Three very tall Korean gentleman, with their grey slacks and blue AAU jackets on, made quite the impression on us. We couldn’t fight, we were not part of AAU Tae-Kwon-Do. When I asked why the sign said “Karate” they spoke to each other in Korean, laughed in our faces and glared at us. (They had pretty good stink eye, gotta give them that.) Then they laughed at us some more.

Then one of them said, “Go away, you are not wanted here.” He then made the shoo motion with his hand. And they laughed at us some more.

So we shooed. What else were we to do? But I never forgot it.

Fast forward a decade. The building our old dojo was in was purchased and we were given a two month notice to scram. We trained all over the place for a couple years, I had made a lot of friends in the Arts and they welcomed us with open arms. But eventually I had to open a place, so I did. All the old students came as well as a boatload of new ones. We were a very busy fighting gym. 

We became important to the community and did everything to help them. A small greek restaurant opened in the town square. Three small tables and six stools at the counter. I stopped in and ate. Terrific food, really nice man running it. I spread the word, soon a lot of our guys were eating there. His place thrived as everyone spread the word.

So……one Saturday after class I cruise up to Nick’s restaurant. In his window is a large poster for a new Tae-Kwon-Do school in the next town. Nick says to me, “Your partners. I wanted to help, I’d do anything for you after all you've done for me.”

I said, “My partners?” He explained that he told two guys he couldn’t put up the poster because he was loyal to our school. They in turn told him that they were business partners of mine. He said, “Okay, great, let's put it right in the front window.”

He removed the poster. After I ate I cruised the town square. Found four more posters in the windows of places. They all told the same story, that the young men said they were business partners of mine.

After chatting for a while, I went back to my dojo to call this new school that was supposedly business partners of mine. As I get to my door I stop dead in my tracks. There on my door - our sign is completely covered by one of their posters. I must have missed them by mere minutes.
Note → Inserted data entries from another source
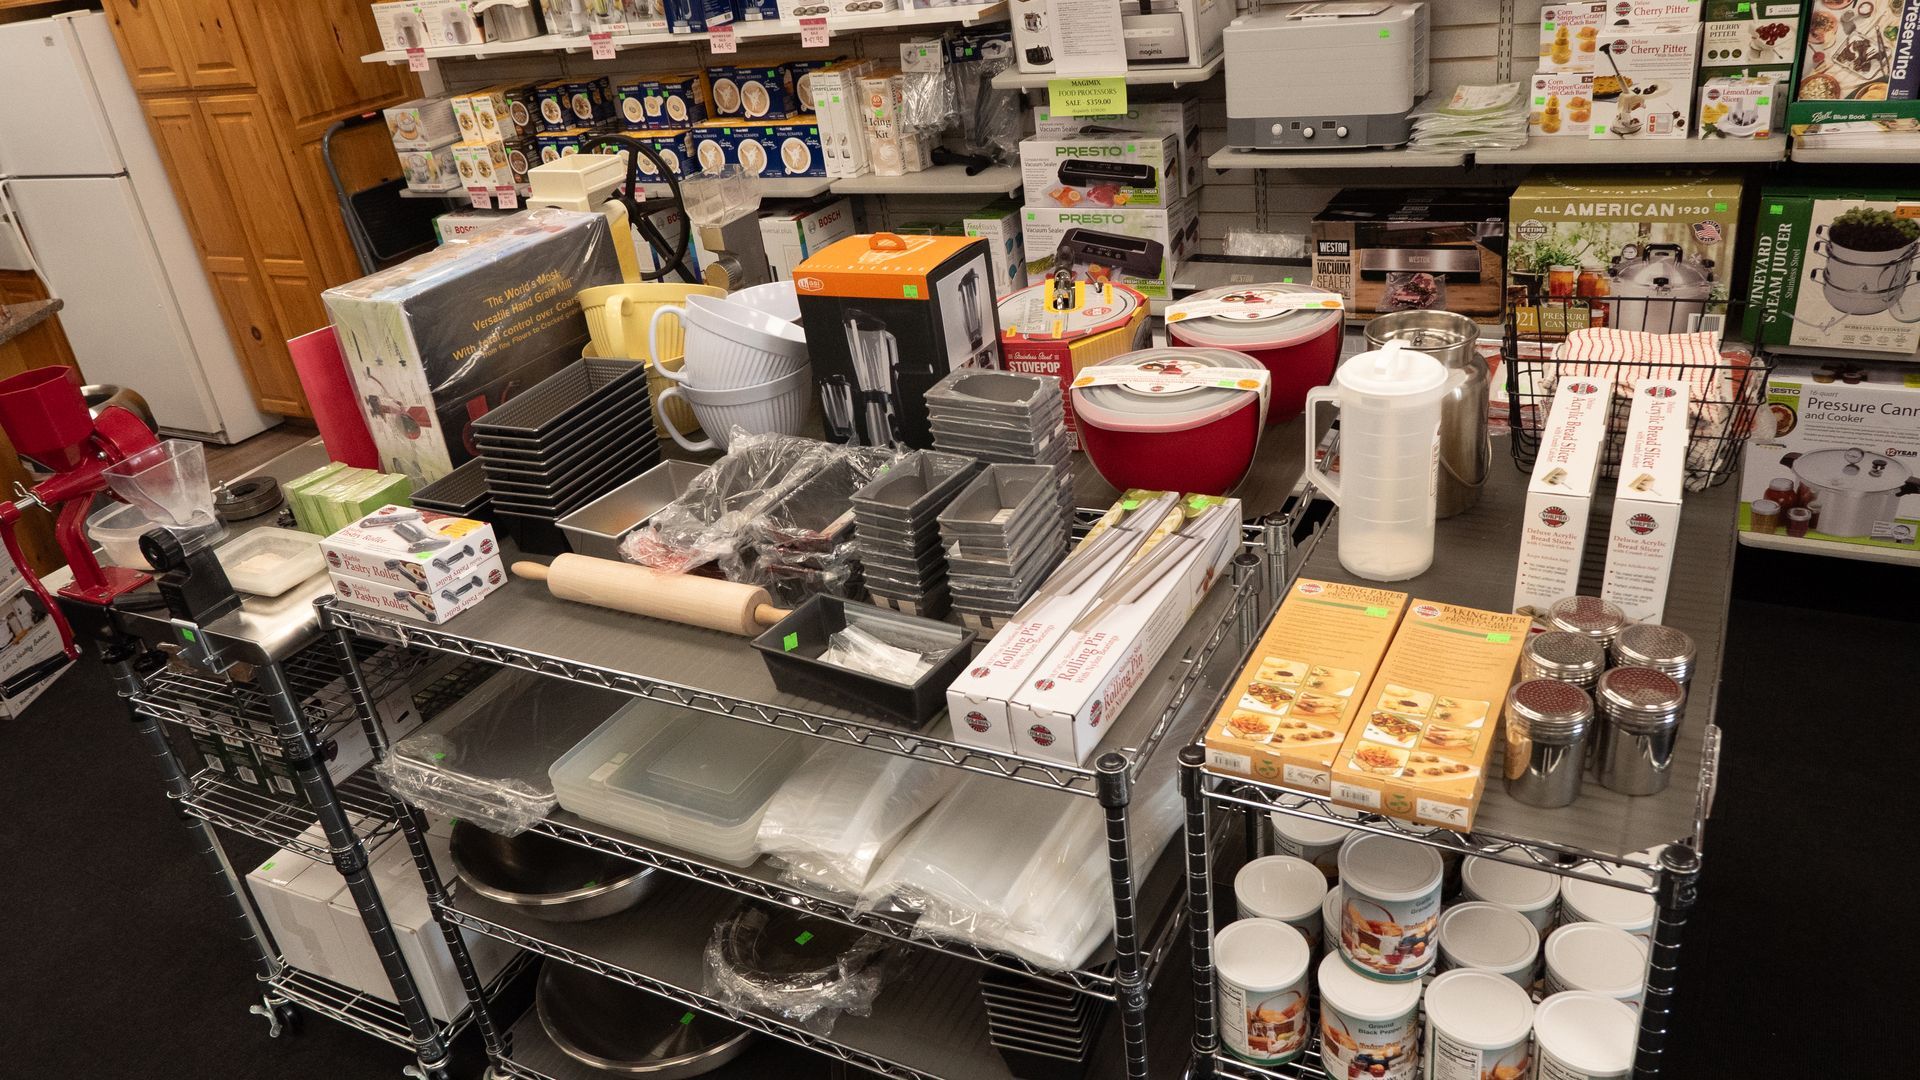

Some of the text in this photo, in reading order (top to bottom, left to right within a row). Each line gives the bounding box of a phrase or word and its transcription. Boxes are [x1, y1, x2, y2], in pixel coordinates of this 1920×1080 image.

[1634, 5, 1690, 17] Cherry Pitter
[1557, 13, 1604, 22] Stripper/Grater
[1631, 44, 1688, 56] Cherry Pitter
[1078, 88, 1118, 96] PROCESSORS
[1722, 88, 1762, 96] Lemon/Lime
[1812, 111, 1833, 122] Ball
[869, 118, 892, 128] Icing
[875, 130, 888, 139] Kit
[1056, 146, 1122, 158] PRESTO
[1534, 203, 1710, 217] ALL AMERICAN 1930
[666, 212, 682, 224] BOS
[818, 209, 842, 228] BOSCH
[1059, 214, 1124, 225] PRESTO
[1320, 242, 1348, 253] WESTON
[1408, 256, 1430, 264] WESTON
[1317, 263, 1350, 275] VACUUM
[1750, 235, 1773, 308] VINEYARD
[1765, 223, 1793, 323] STEAM JUICER
[1785, 248, 1801, 299] Stainless Steel
[504, 279, 536, 300] World's
[537, 269, 562, 285] Most
[1316, 276, 1350, 289] SEALER
[472, 308, 511, 332] Versatile
[512, 297, 534, 314] Hand
[534, 286, 557, 303] Grain
[1543, 312, 1588, 321] PRESSURE
[452, 341, 477, 362] With
[502, 316, 534, 338] control
[535, 308, 554, 322] over
[556, 294, 580, 312] Coars
[533, 326, 540, 334] to
[1544, 321, 1584, 329] CANNER
[1014, 352, 1052, 360] Stainless Steel
[1008, 361, 1060, 373] STOVEPOP
[1807, 398, 1920, 416] Pressure Cann
[1804, 412, 1864, 424] and Cooker
[1557, 397, 1586, 464] Acrylic Bread Slicer
[1643, 400, 1666, 469] Acrylic Bread Slicer
[1541, 512, 1568, 520] NORPRO
[1630, 520, 1657, 528] NORPRO
[364, 534, 387, 544] Roller
[1527, 528, 1577, 540] Deluxe Acrylic
[1551, 538, 1572, 546] Slicer
[1614, 535, 1667, 548] Deluxe Acrylic
[1618, 543, 1638, 551] Bread
[341, 552, 361, 564] Marble
[344, 560, 400, 582] Pastry Roller
[435, 574, 452, 588] Roller
[351, 583, 370, 594] Marble
[1326, 583, 1403, 600] BAKING PAPER
[354, 589, 410, 612] Pastry Roller
[444, 604, 462, 618] Roller
[1444, 606, 1527, 624] BAKING PAPER
[993, 622, 1043, 668] Rolling Pin
[1058, 632, 1106, 681] Rolling Pin
[1102, 653, 1144, 712] Rolling Pin
[1358, 1028, 1378, 1036] Black
[1368, 1022, 1394, 1030] Ground
Let me ask you guys who teach or run a dojo - how would you respond to something like that?


----------



## SahBumNimRush (Oct 5, 2021)

Buka said:


> I think we’re all formed by our own, first hand personal experiences…..and how we interpret information we learn over the years.
> 
> One day, as a young black belt, driving home from the dojo, there was a big sign on the lawn of the fancy high school in the town one of our dojos was in. It sad “KARATE TOURNAMENT, Saturday.”
> 
> ...


Rumble?  HAHA!

On a serious note, that is highly unprofessional.


----------



## dvcochran (Oct 5, 2021)

Buka said:


> I think we’re all formed by our own, first hand personal experiences…..and how we interpret information we learn over the years.
> 
> One day, as a young black belt, driving home from the dojo, there was a big sign on the lawn of the fancy high school in the town one of our dojos was in. It sad “KARATE TOURNAMENT, Saturday.”
> 
> ...


Face to face, but I would also leverage my community contacts. The phrase 'smear campaign' comes to mind.
IF, on the outside chance it was  precocious student I could work it out with a good and decent instructor/school owner. But someone needed hell to pay.
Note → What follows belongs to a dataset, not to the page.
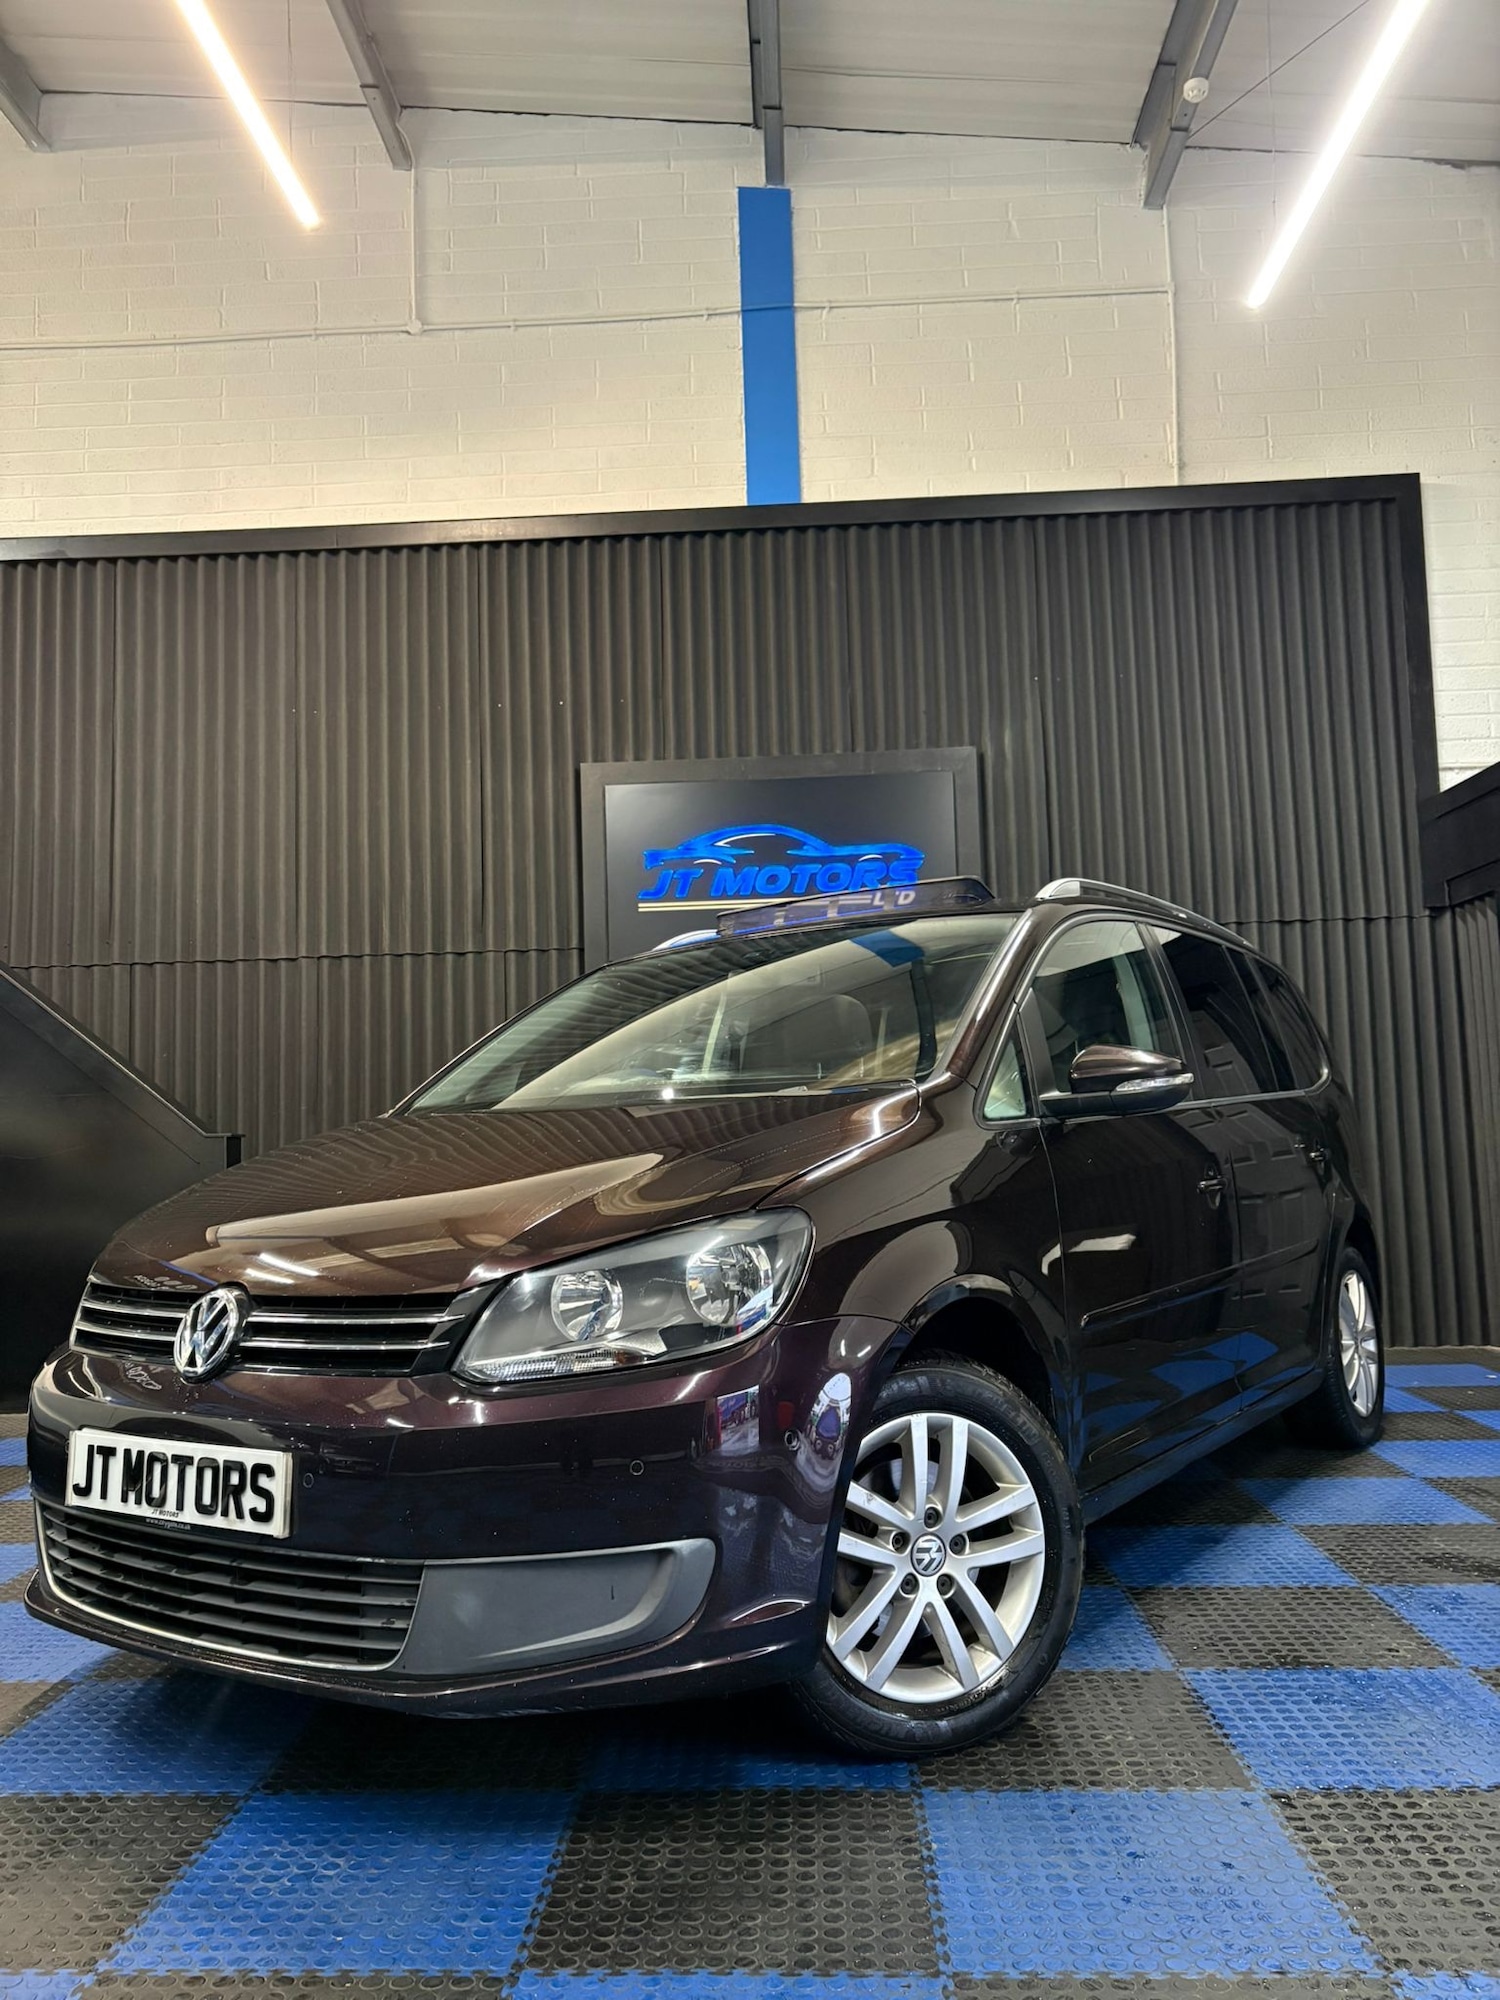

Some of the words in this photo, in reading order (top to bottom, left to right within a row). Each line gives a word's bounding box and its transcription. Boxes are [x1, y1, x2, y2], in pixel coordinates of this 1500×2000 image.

Originally, our dojang was named Midstate Karate Studio because I was convinced no one knew what the heck Tae Kwon Do was in our area in 1986. Stayed that way for about 3 years. 
My sincere apologies if this tainted your opinion of Tae Kwon Do.

We have done a ton of work with AAU. In total we are close to 100 Gold medals and over 1,000 medals total. Like every style, it is rules bound so you learn to work within the rules. From a competition perspective there is none better. 
That said, there are bad eggs everywhere. 
That said, it does sound like some of the pompous high ranking instructors I have worked with in my days.


----------



## MadMartigan (Oct 5, 2021)

Buka said:


> Let me ask you guys who teach or run a dojo - how would you respond to something like that?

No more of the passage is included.